The Pros and Cons of the Sony A7S II

The Sony A7S II came out only about a month ago and already took the world of independent filmmakers and enthusiasts alike by storm. Naturally, many filmmakers who still don’t own the camera are interested in its overall performance mainly in comparison to the previous model – the Sony A7s and the other main competitors in the segment that are also capable of recording 4K internally – the Panasonic GH4 and the Samsung NX1.

There are so many aspects and questions regarding the camera and the workflow it provides that deserve to be discussed, however, it’s really hard to summarize all of these topics just in a few sentences. Yet, Max Yuryev tries to put things into perspective and help out filmmakers make an easier buying decision by putting together two informative videos where he highlights all the positives and negatives the camera provides. First, here are the features Max likes the most.

Unsurprisingly, internal 4K recording is on the top of the list. Indeed, this was the main reason for so many people who preferred to get the Panasonic’s GH4 in the first place instead of buying the original Sony A7s which isn’t able to record any form of 4K internally, but has to do so via the HDMI port out to an external recorder like the Atomos Ninja Assassin or the Odyssey7Q+ and the newer Video Devices PIX-E5.

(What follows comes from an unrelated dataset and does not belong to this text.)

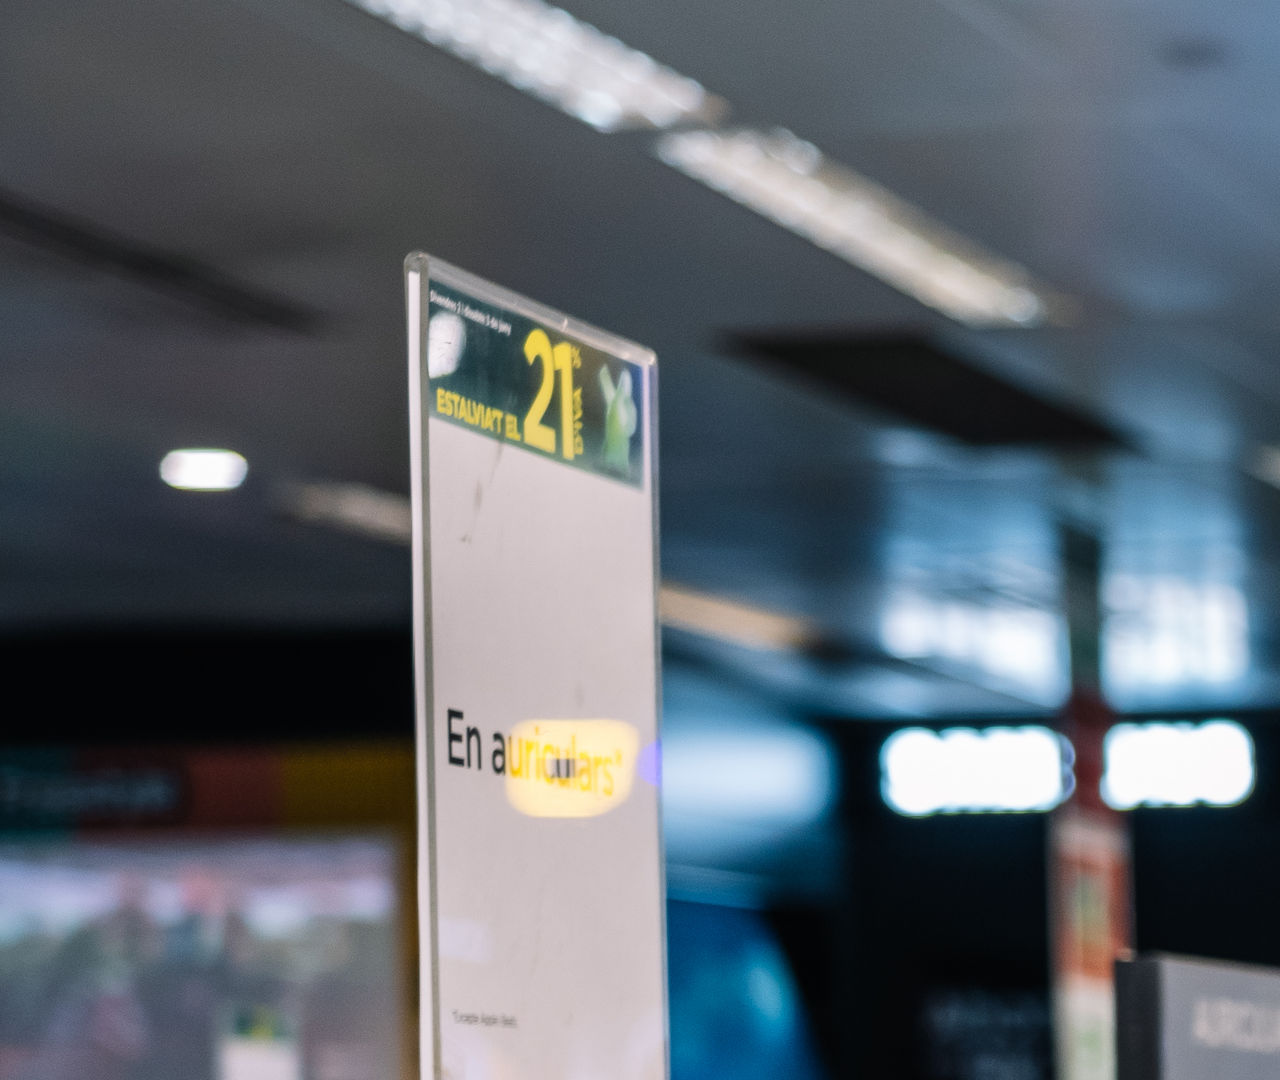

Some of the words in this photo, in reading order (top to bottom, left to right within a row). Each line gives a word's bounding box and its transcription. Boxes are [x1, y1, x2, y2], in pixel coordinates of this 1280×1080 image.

Considering the fact that 4K internal recording has already been accepted as an industry standard, the camera manufacturers really don’t have an excuse not to implement this feature even in their entry-level models if they want to stay ahead of the pack.

Second, Max puts the ability of the A7S II to record 120fps slow-motion at 1080p. Although being a great feature to have, you should be aware that when the A7S II records in this mode it utilizes a crop mode of the sensor( 2.2x crop factor) that results in a field of view similar to the one the GH4 Micro 4/3 sensor provides natively.

Yet, the camera still uses the full pixel readout and digital low pass filter in this mode that greatly reduces moire and aliasing, so it’s unlike to see any of those even in the most challenging situations like the one below.


Another positive feature worth noting is the built-in 5 axis image stabilization. Finally, the A7S II shooters had the ability to get usable hand-held results without using any addition support systems or gimbals. In combination with the optical stabilization that many lenses provide the SonyA7S II definitely seems to be extremely powerful and efficient solution, especially for run and gun situations.

On top of that when you add the astounding low light performance and the excellent dynamic range, the camera quickly becomes a clear winner not only in its market segment, but it can also be a serious competitor of multiple times more expensive high-end devices. Unfortunately, the A7S II also comes with its flaws and imperfections just as any other camera system available out there.

Without any surprise, the main downside for Max is the overheating issues that occur when using the camera under certain conditions while shooting 4K internally for an extensive period of time. This issue still creates some pretty heated debates among 4K shooters and it’s something you should definitely keep in mind.

The second drawback that Max points out is the poor build quality and mediocre performance of the rear LCD screen. All in all, his major complaint is that it’s not bright enough and there’s certainly not enough resolution for more precise and accurate focus pulling.

According to Max, another issue that you might find frustrating is the bitrate when you are shooting in 4K internally. The video is recorded as XAVC-S 8-bit 4:2:0 at 100Mbps that on certain occasions like the one below just isn’t enough, especially when you are shooting in S-Log3 mode as you can easily stumble upon bаnding issues due to the lack of more bit depth and higher recording bitrate.


Although Max puts the 120fps recording in the list of positive features, he also includes it here, mainly due to the crop factor that in reality simply limits users to capture wider shots.

At last but no least, comes the native Sony lens options. As a Sony A7S II user, you are quite limited in terms of getting native lenses for your camera. Even though Sony plans to release eight new lenses in the upcoming months the choices for the moment are still limited and it’s something definitely that needs to be considered before making the switch to Sony’s ecosystem.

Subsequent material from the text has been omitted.